Microsoft précise également que cette récupération utilisera l’infrastructure Windows Update existante. Aucun nouvel agent ou logiciel supplémentaire ne sera nécessaire.

Windows Update de Windows 11 : corriger automatiquement les pilotes défectueux

Une réponse aux nombreux problèmes de pilotes récents

Cette évolution n’arrive pas par hasard.

Depuis plusieurs années, Microsoft multiplie les problèmes liés aux pilotes distribués automatiquement :

  • pilotes Intel instables
  • conflits Wi-Fi/Bluetooth
  • BSOD après Patch Tuesday
  • pilotes GPU remplacés
  • incompatibilités OEM

Plus récemment, Microsoft a reconnu que Windows 11 pouvait remplacer des pilotes graphiques installés manuellement par des versions plus anciennes provenant de Windows Update.

Windows 11 downgrade parfois les pilotes graphiques

Le problème concerne surtout les pilotes GPU :

  • NVIDIA
  • AMD
  • Intel Arc

Des utilisateurs installent un pilote récent depuis le site du fabricant, mais Windows Update peut ensuite réinstaller automatiquement une version OEM plus ancienne.

Cela provoque parfois :

  • perte de performances
  • disparition de fonctionnalités
  • incompatibilités
  • bugs graphiques
  • régressions de jeux

Le phénomène existe depuis longtemps, mais Microsoft admet désormais officiellement le problème.

Le downgrade de pilote peut parfois boucler

Voici un cas concret observé : MàJ pilote graphique Intel qui revient dans Windows Update (Windows 11 25H2)
Dans ce scénario observé, l’utilisateur installe manuellement un pilote graphique Intel(R) Xe Graphics plus récent via DriversCloud (version 32.0.101.5768).

Cependant, Windows Update détecte ensuite qu’un autre pilote provenant de son catalogue OEM — ici la version 32.0.101.7085 — est considéré comme « mieux adapté » au matériel selon son système de ciblage matériel CHID.

Windows remplace alors automatiquement le pilote installé manuellement par cette autre version lors d’une mise à jour de pilotes.

L’utilisateur pense donc que son pilote n’a pas été correctement mis à jour et réinstalle à nouveau la version proposée par DriversCloud. Quelques jours plus tard, Windows Update effectue une nouvelle rétrogradation, créant ainsi une boucle de mises à jour entre deux versions différentes du pilote graphique.
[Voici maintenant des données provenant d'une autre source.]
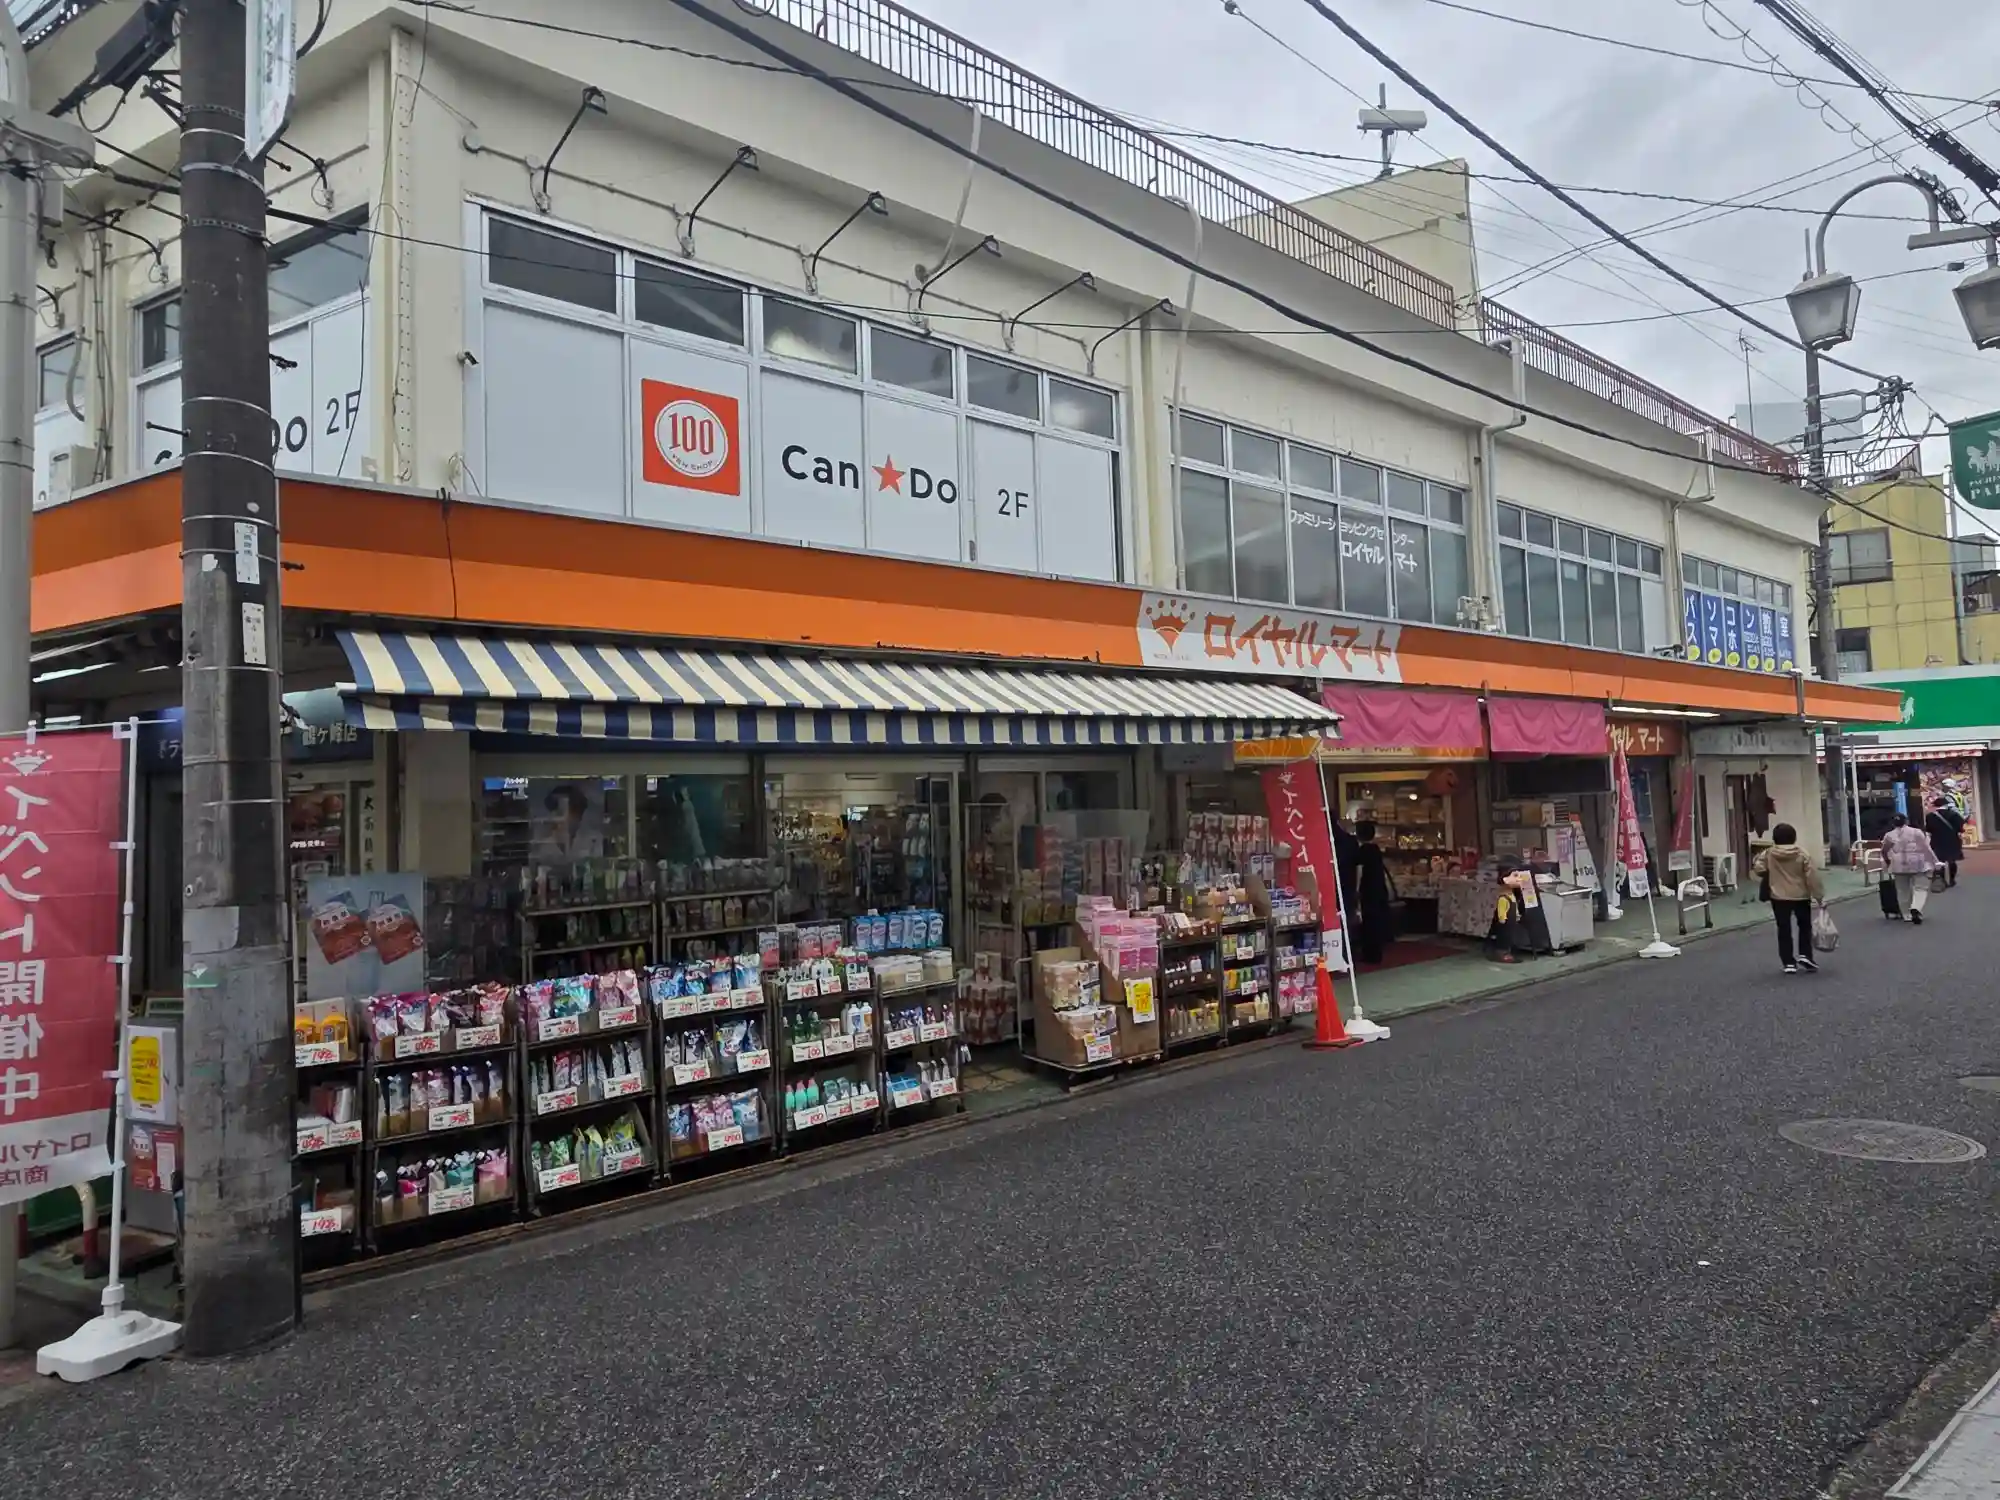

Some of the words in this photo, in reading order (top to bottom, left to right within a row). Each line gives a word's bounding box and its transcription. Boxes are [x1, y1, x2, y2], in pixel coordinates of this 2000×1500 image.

[325, 390, 361, 435] 2F
[668, 412, 714, 456] 100
[781, 445, 860, 490] Can
[910, 468, 958, 505] Do
[997, 489, 1029, 518] 2F
[1204, 611, 1392, 675] ロイヤルマート
Ce comportement illustre précisément le problème reconnu récemment par Microsoft concernant les downgrades automatiques de pilotes graphiques via Windows Update.

Scénario : conflit de version pilote Intel Graphics avec downgrade de la version du pilote par Windows Update

Microsoft prépare une correction pour le ciblage des pilotes

Microsoft explique que le problème vient notamment du système de ciblage matériel des pilotes Windows Update (CHID).
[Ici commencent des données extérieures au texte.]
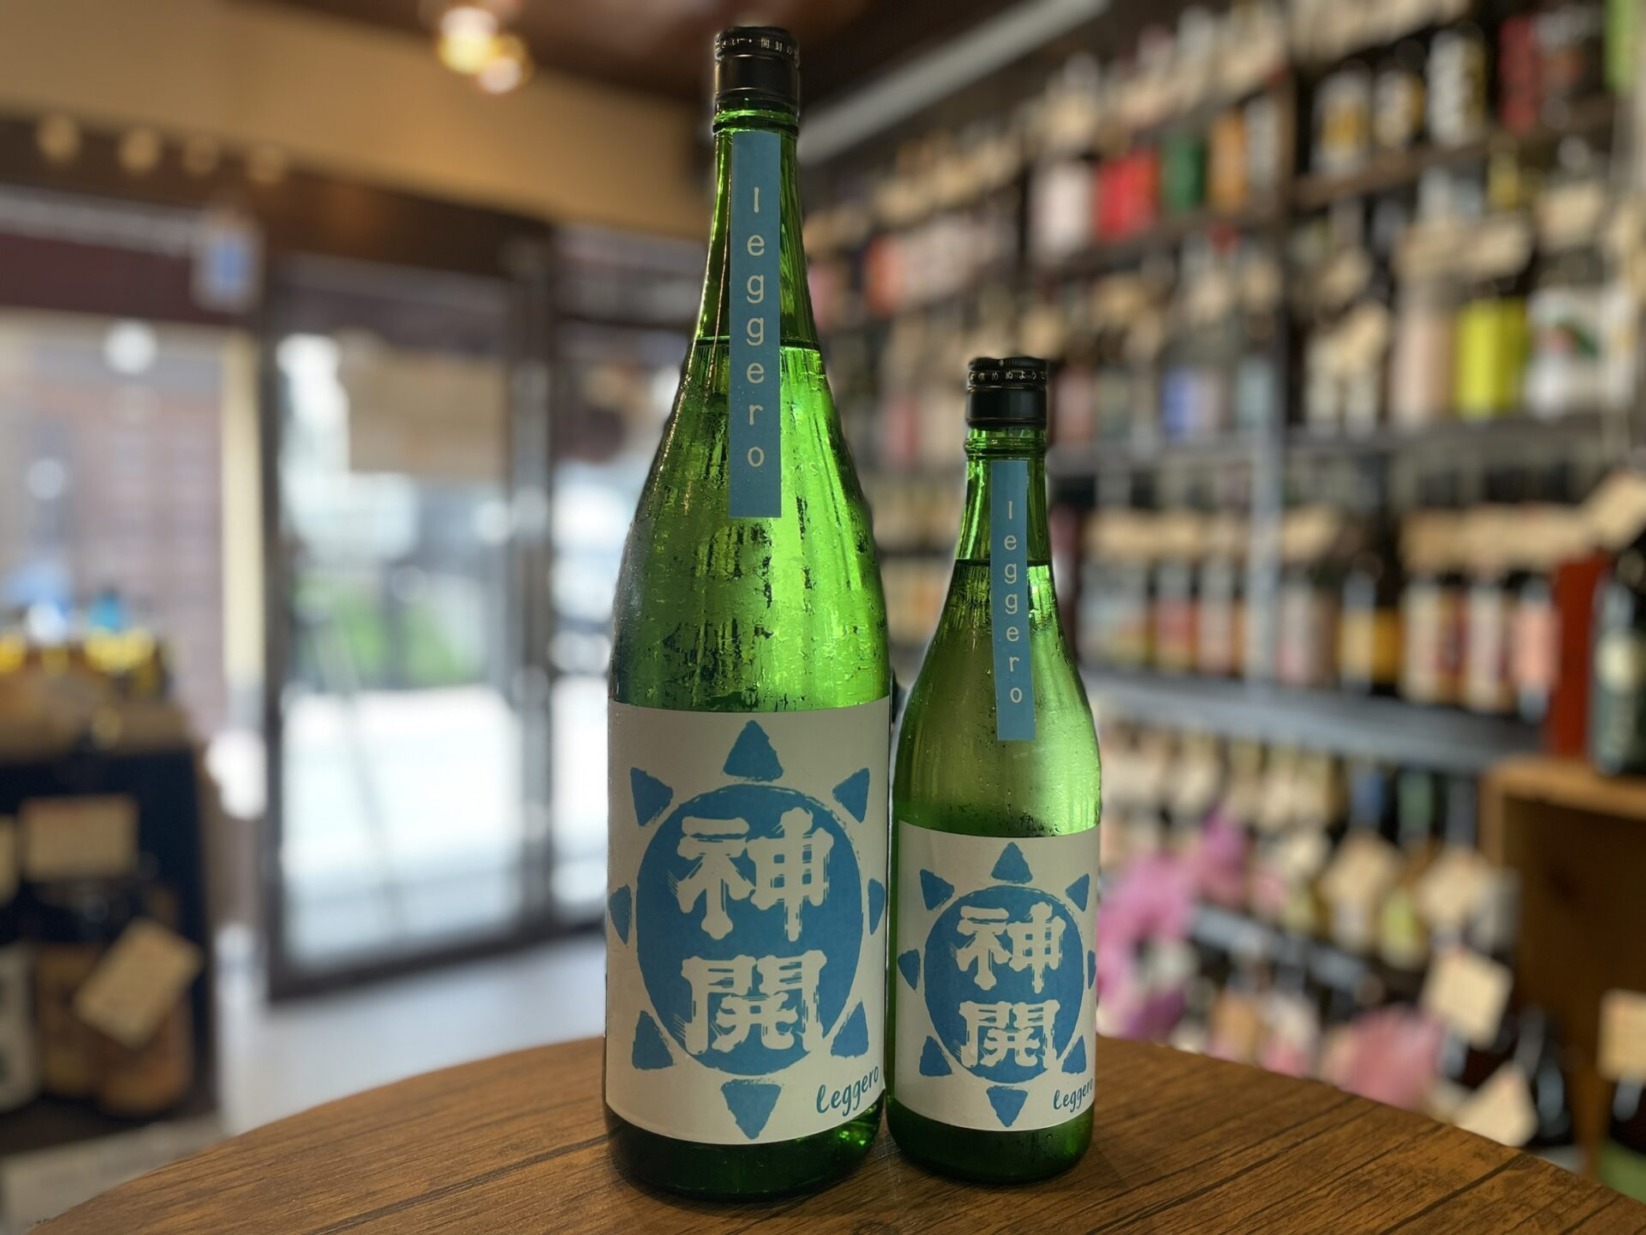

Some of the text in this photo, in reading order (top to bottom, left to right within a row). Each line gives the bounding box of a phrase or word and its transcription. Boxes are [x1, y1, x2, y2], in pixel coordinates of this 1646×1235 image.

[745, 186, 766, 469] leggero
[1003, 500, 1023, 704] leggero
[816, 1065, 880, 1117] leggero
Le système actuel peut considérer qu’un pilote OEM plus ancien est “mieux adapté” qu’une version plus récente installée manuellement.

Pour corriger cela, Microsoft prépare un nouveau modèle de ciblage plus précis afin d’éviter les downgrades involontaires. Un pilote récent installé manuellement devrait donc être moins facilement remplacé à l’avenir.

Le déploiement progressif des nouvelles règles est prévu entre 2026 et 2027.

Windows Update devient de plus en plus autonome

Avec Cloud-Initiated Driver Recovery, Microsoft poursuit l’évolution de Windows Update vers un système capable de gérer lui-même une partie des problèmes logiciels et matériels. L’objectif est de limiter les situations où un pilote défectueux peut rendre un PC instable pendant plusieurs jours en attendant une intervention manuelle.

Windows 11 intègre déjà de nombreux mécanismes automatiques de réparation, de rollback et de vérification de compatibilité. Désormais, Microsoft veut également pouvoir réagir rapidement côté cloud lorsqu’un pilote problématique est détecté à grande échelle.

Cette approche s’inscrit dans une évolution plus large de Windows Update, qui devient progressivement une plateforme centralisée de maintenance capable de corriger certains problèmes sans action de l’utilisateur ou du constructeur.